Task |
Which lines run from the one containing "this 1440×1620 image." to the end of the records? Write them out exactly, both ends included, and nothing else.

==== Records for this exercise

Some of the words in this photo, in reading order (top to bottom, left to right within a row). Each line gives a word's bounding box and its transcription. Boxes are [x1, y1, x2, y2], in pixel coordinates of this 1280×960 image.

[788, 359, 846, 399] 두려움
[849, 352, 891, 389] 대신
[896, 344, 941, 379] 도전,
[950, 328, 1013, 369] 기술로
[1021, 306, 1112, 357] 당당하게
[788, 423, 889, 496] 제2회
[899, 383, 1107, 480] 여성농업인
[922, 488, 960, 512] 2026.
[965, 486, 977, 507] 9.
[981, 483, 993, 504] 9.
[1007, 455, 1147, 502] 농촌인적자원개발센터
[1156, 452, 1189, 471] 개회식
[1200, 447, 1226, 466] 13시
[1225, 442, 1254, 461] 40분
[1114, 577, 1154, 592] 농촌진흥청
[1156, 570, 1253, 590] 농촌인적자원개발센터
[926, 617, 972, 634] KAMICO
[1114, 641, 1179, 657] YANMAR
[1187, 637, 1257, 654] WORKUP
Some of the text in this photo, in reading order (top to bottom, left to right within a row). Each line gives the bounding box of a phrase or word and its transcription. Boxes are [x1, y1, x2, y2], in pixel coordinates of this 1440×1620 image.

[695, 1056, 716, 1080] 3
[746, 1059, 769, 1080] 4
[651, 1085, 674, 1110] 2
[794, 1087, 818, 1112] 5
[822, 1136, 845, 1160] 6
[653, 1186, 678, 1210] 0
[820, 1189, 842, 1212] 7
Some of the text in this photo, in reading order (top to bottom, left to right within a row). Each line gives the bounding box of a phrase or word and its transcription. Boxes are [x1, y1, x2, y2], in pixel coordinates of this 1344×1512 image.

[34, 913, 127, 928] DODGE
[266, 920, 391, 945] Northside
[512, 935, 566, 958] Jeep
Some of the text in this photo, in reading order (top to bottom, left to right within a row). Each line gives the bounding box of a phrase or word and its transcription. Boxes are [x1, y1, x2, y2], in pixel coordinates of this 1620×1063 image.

========

Answer to this task |
Some of the text in this photo, in reading order (top to bottom, left to right within a row). Each line gives the bounding box of a phrase or word and its transcription. Boxes are [x1, y1, x2, y2], in pixel coordinates of this 1440×1620 image.

[695, 1056, 716, 1080] 3
[746, 1059, 769, 1080] 4
[651, 1085, 674, 1110] 2
[794, 1087, 818, 1112] 5
[822, 1136, 845, 1160] 6
[653, 1186, 678, 1210] 0
[820, 1189, 842, 1212] 7
Some of the text in this photo, in reading order (top to bottom, left to right within a row). Each line gives the bounding box of a phrase or word and its transcription. Boxes are [x1, y1, x2, y2], in pixel coordinates of this 1344×1512 image.

[34, 913, 127, 928] DODGE
[266, 920, 391, 945] Northside
[512, 935, 566, 958] Jeep
Some of the text in this photo, in reading order (top to bottom, left to right within a row). Each line gives the bounding box of a phrase or word and its transcription. Boxes are [x1, y1, x2, y2], in pixel coordinates of this 1620×1063 image.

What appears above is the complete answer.